As you may have heard, this is the Despair Kernel for OnePlus Two, bug reports without any logs are nearly useless unless you can provide a way to recreate the bug.
CDG
CAIA-Delay Gradient (CDG) is a hybrid congestion control algorithm which reacts to both packet loss and inferred queuing delay. It attempts to operate as a delay-based algorithm where possible, but utilises heuristics to detect loss-based TCP cross traffic and will compete effectively as required. CDG is therefore incrementally deployable and suitable for use on shared networks. During delay-based operation, CDG uses a delay-gradient based probabilistic backoff mechanism, and will also try to infer non congestion related packet losses and avoid backing off when they occur. During loss-based operation, CDG essentially reverts to reno-like behaviour. CDG switches to loss-based operation when it detects that a configurable number of consecutive delay-based backoffs have had no measurable effect. It periodically attempts to return to delay-based operation, but will keep switching back to loss-based operation as required.
Cubic
CUBIC is an enhanced version of BIC: it simplifies the BIC window control and improves its TCP-friendliness and RTT-fairness. The window growth function of CUBIC is governed by a cubic function in terms of the elapsed time since the last loss event. Our experience indicates that the cubic function provides a good stability and scalability. Furthermore, the real-time nature of the protocol keeps the window growth rate independent of RTT, which keeps the protocol TCP friendly under both short and long RTT paths.

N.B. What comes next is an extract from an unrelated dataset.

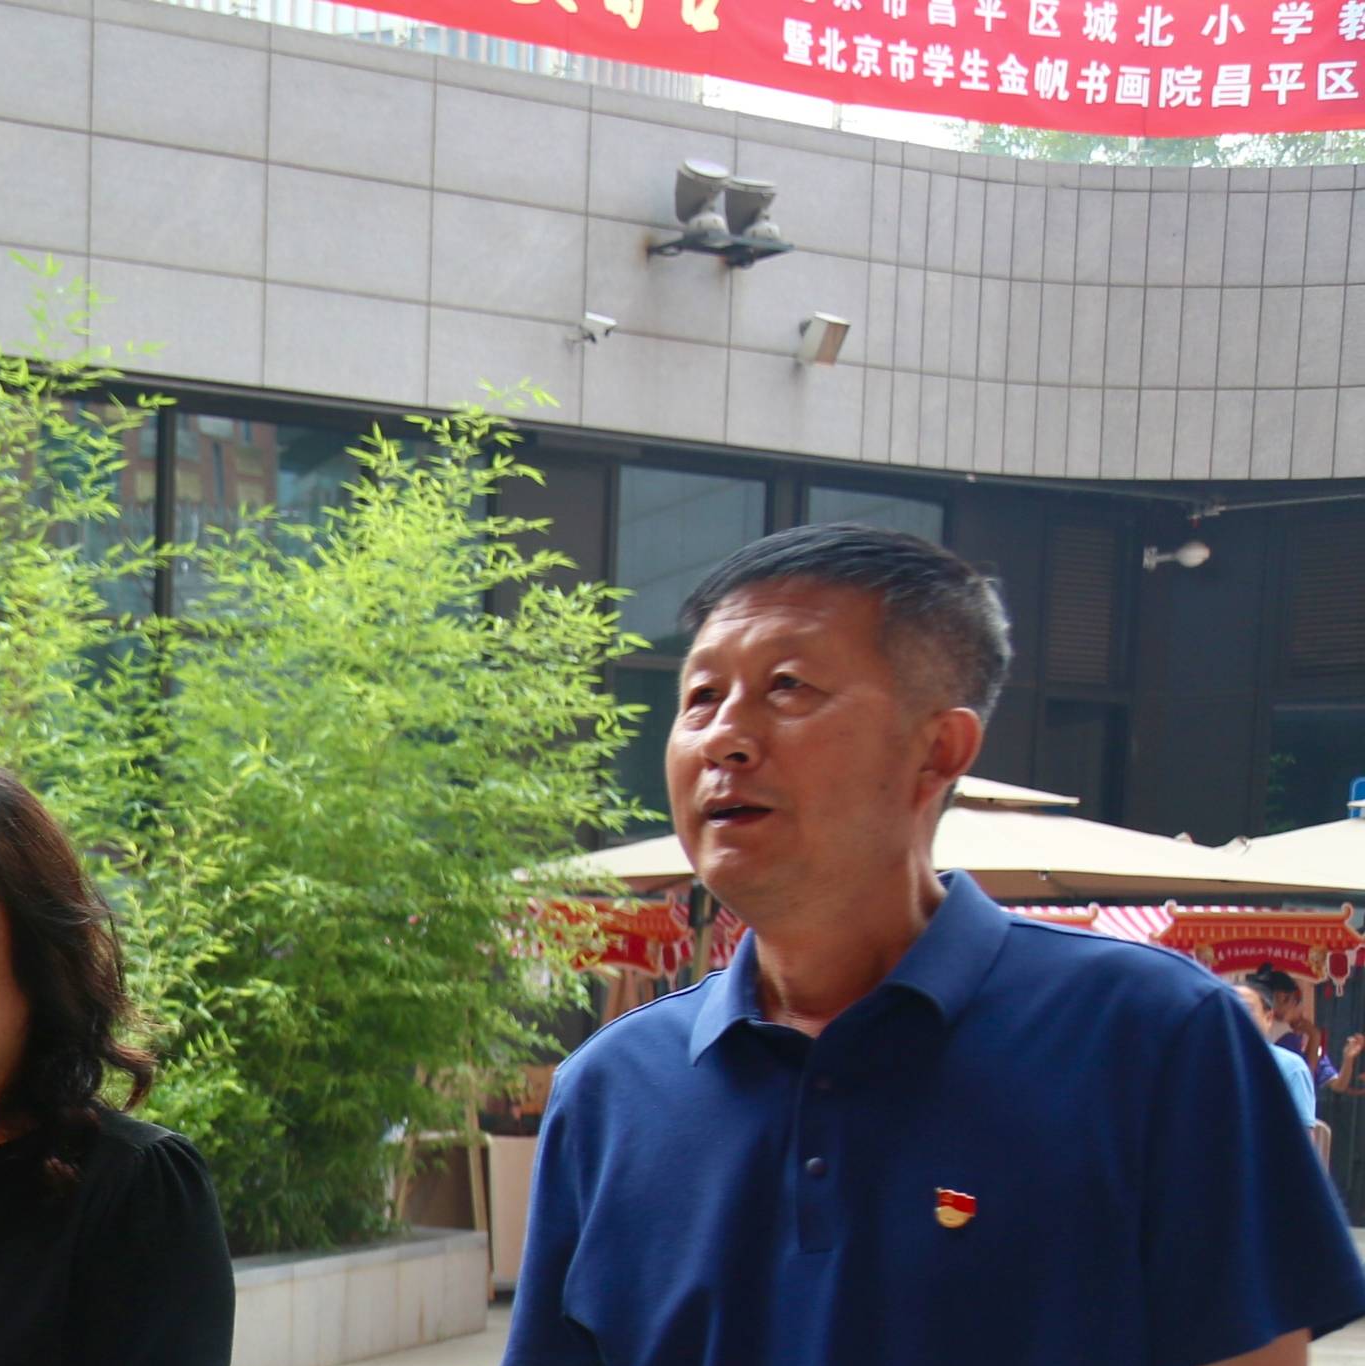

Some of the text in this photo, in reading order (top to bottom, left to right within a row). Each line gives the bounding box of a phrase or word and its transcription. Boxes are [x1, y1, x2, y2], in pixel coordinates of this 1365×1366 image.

[782, 17, 1360, 108] 暨北京市学生金帆书画院昌平区

Westwood TCP Westwood estimates the available bandwidth by counting and filtering the flow of returning ACKs and adaptively sets the cwnd and the sshtresh after congestion by taking into account the estimated bandwidth.TCP Westwood, is a sender-side-only modification to TCP New Reno that is intended to better handle large bandwidth-delay product paths (large pipes), with potential packet loss due to transmission or other errors (leaky pipes) and with dynamic load (dynamic pipes). TCP Westwood+ is an evolution of TCP Westwood, in fact it was soon discovered that the Westwood bandwidth estimation algorithm did not work well in the presence of reverse traffic due to ACK compression. Westwood+ is friendly towards TCP Reno and fairer than Reno in bandwidth allocation.
Packet Schedulers:
Why use a non default packet scheduler? Packet schedulers are a portion of the kernel that queues network data on a specific interface and governs how they are transmitted and received including buffers. Below I will breakdown a couple of the packet schedulers included in this kernel.
fq_codel FQ_Codel (Fair Queuing Controlled Delay) is queuing discipline that combines Fair Queuing with the CoDel AQM scheme. FQ_Codel uses a stochastic model to classify incoming packets into different flows and is used to provide a fair share of the bandwidth to all the flows using the queue. Each such flow is managed by the CoDel queuing discipline. Reordering within a flow is avoided since Codel internally uses a FIFO queue.

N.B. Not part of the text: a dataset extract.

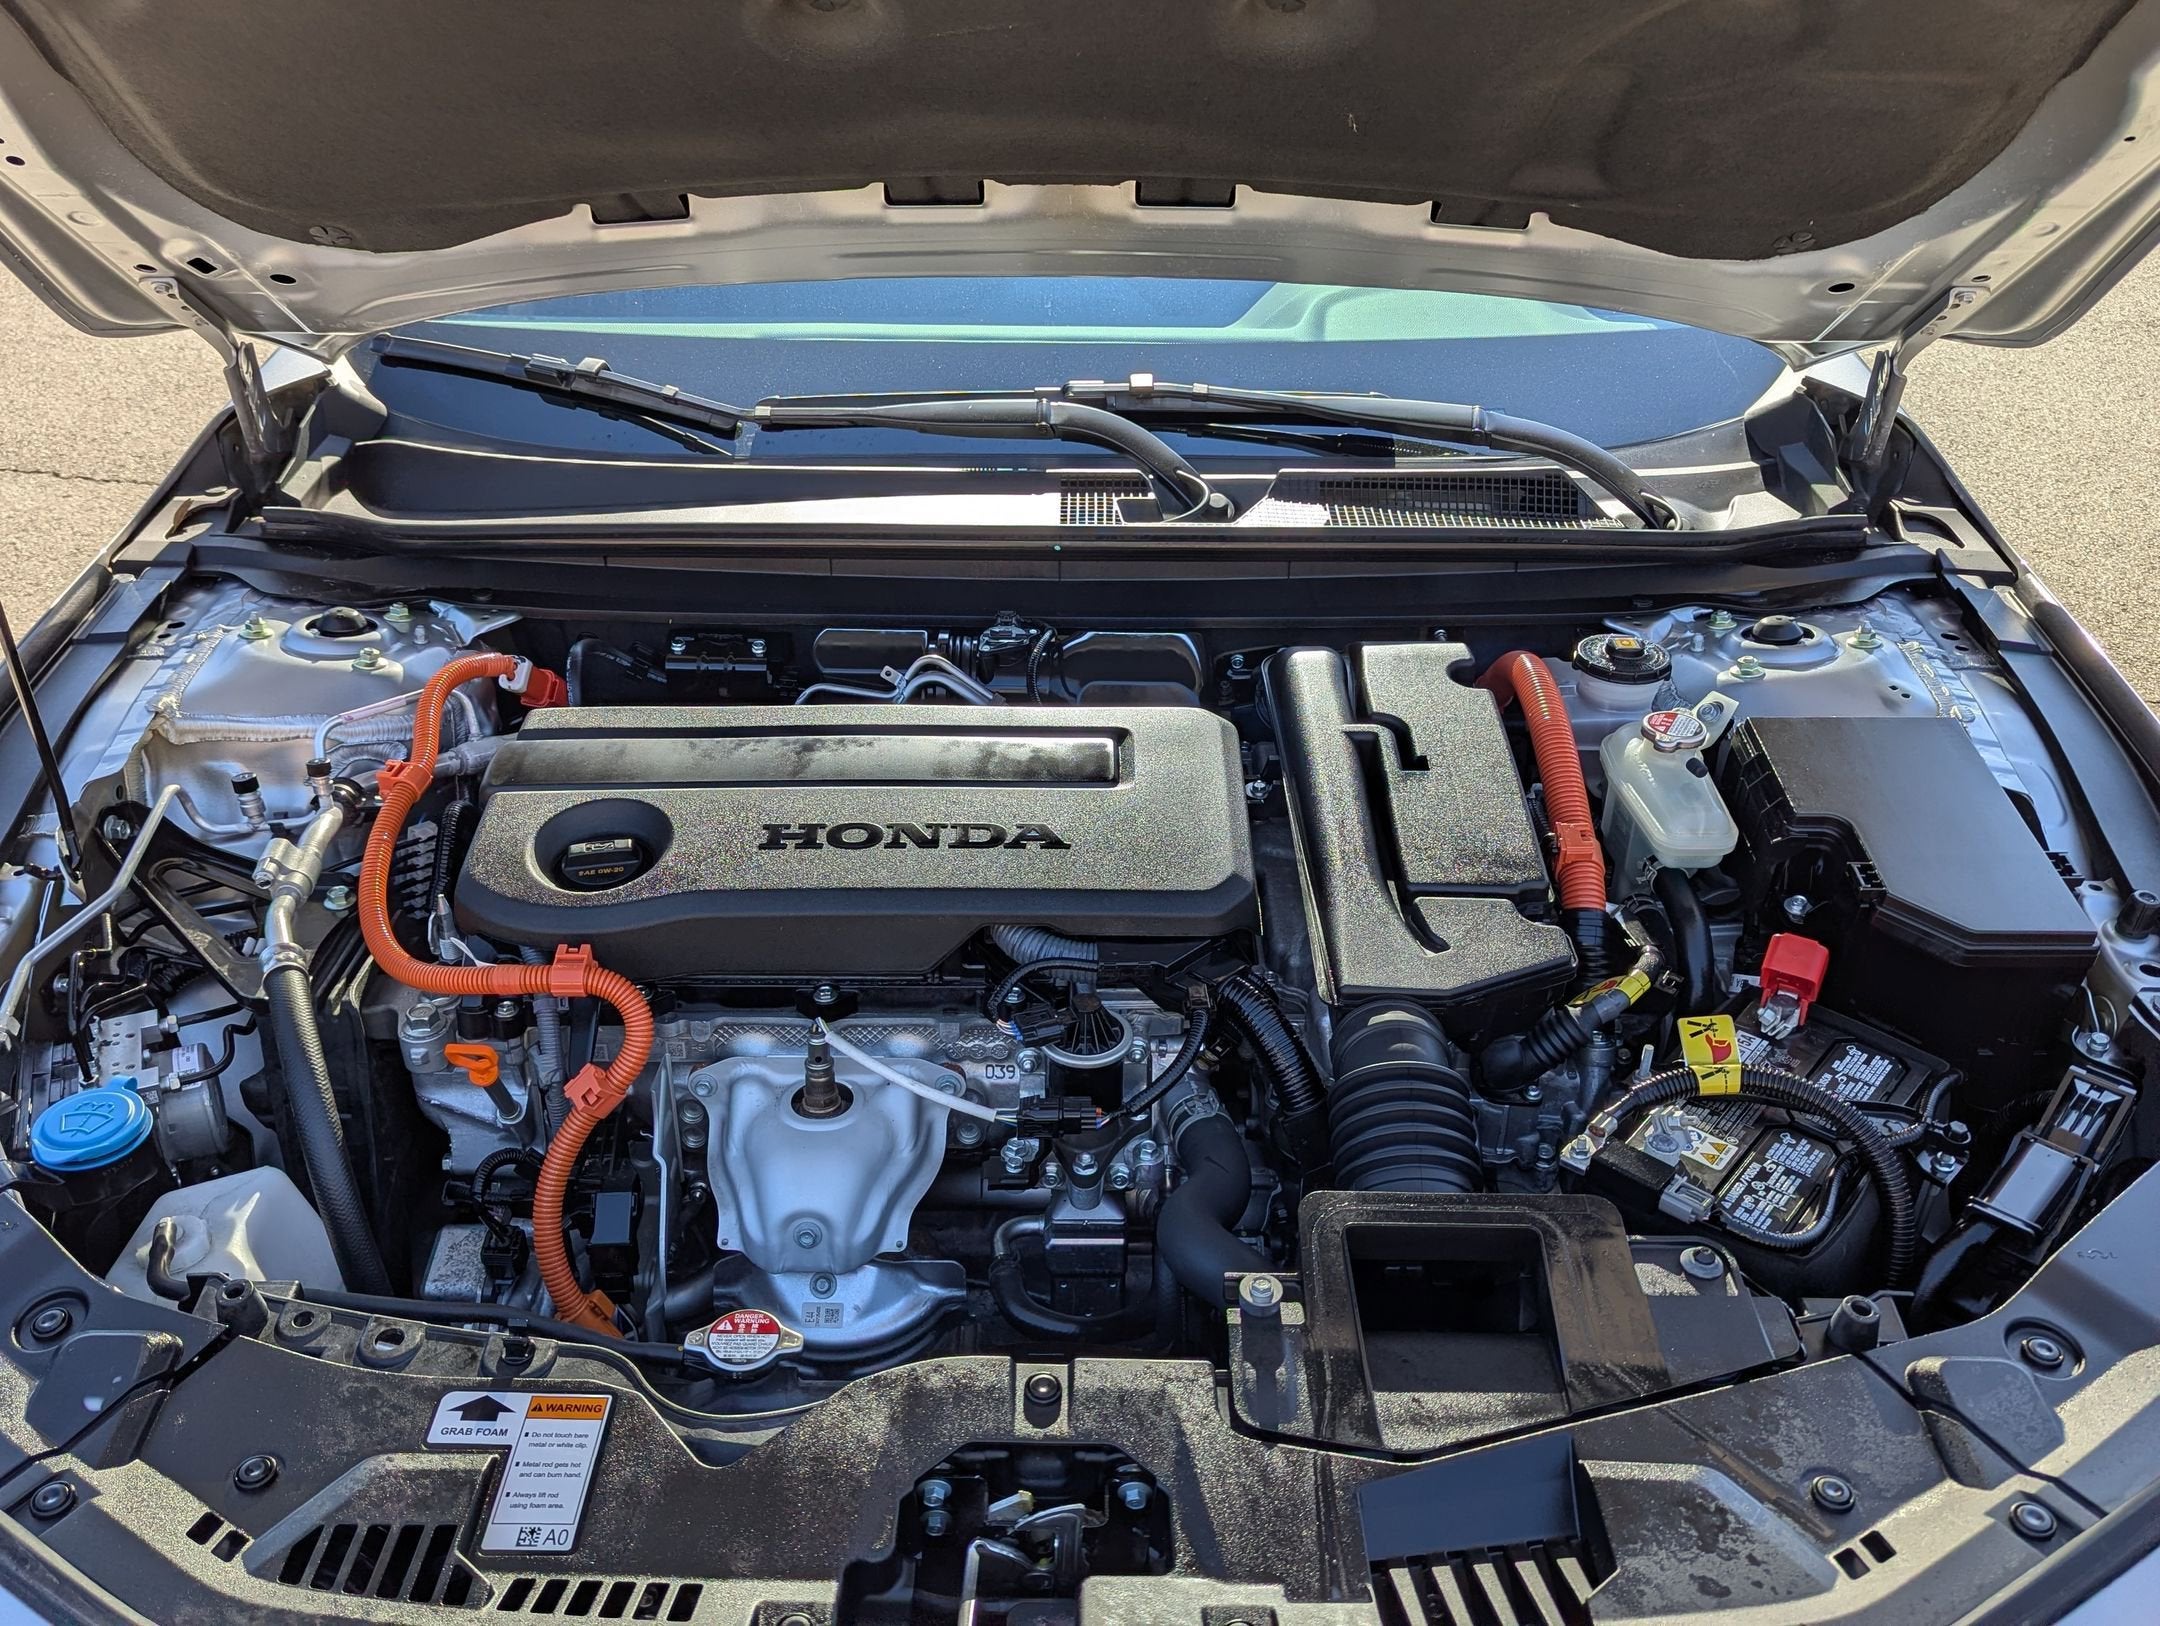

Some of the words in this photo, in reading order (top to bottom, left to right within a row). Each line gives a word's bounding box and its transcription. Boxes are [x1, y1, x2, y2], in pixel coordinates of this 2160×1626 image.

pfifo_fast The FIFO algorithm forms the basis for the default qdisc on all Linux network interfaces (pfifo_fast). It performs no shaping or rearranging of packets. It simply transmits packets as soon as it can after receiving and queuing them. This is also the qdisc used inside all newly created classes until another qdisc or a class replaces the FIFO.

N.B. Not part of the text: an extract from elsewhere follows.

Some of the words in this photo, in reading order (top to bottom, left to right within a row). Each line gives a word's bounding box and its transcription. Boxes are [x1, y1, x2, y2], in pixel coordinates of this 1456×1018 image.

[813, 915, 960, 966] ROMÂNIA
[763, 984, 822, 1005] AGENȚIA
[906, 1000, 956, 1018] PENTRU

A real FIFO qdisc must, however, have a size limit (a buffer size) to prevent it from overflowing in case it is unable to dequeue packets as quickly as it receives them. Linux implements two basic FIFO qdiscs, one based on bytes, and one on packets. Regardless of the type of FIFO used, the size of the queue is defined by the parameter limit. For a pfifo the unit is understood to be packets and for a bfifo the unit is understood to be bytes.
pie PIE is designed to control delay effectively. First, an average dequeue rate is estimated based on the standing queue. The rate is used to calculate the current delay. Then, on a periodic basis, the delay is used to calculate the dropping probabilty. Finally, on arrival, a packet is dropped (or marked) based on this probability. PIE makes adjustments to the probability based on the trend of the delay i.e. whether it is going up or down.The delay converges quickly to the target value specified. alpha and beta are statically chosen parameters chosen to control the drop probability growth and are determined through control theoretic approaches. alpha determines how the deviation between the current and target latency changes probability. beta exerts additional adjustments depending on the latency trend. The drop probabilty is used to mark packets in ecn mode. However, as in RED, beyond 10% packets are dropped based on this probability. The bytemode is used to drop packets proportional to the packet size.
fq A packet scheduler is charged with organizing the flow of packets through the network stack to meet a set of policy objectives. The kernel has quite a few of them, including CBQ for fancy class-based routing, CHOKe for routers, and a couple of variants on the CoDel queue management algorithm. FQ joins this list as a relatively simple scheduler designed to implement fair access across large numbers of flows with local endpoints while keeping buffer sizes down; it also happens to implement TCP pacing.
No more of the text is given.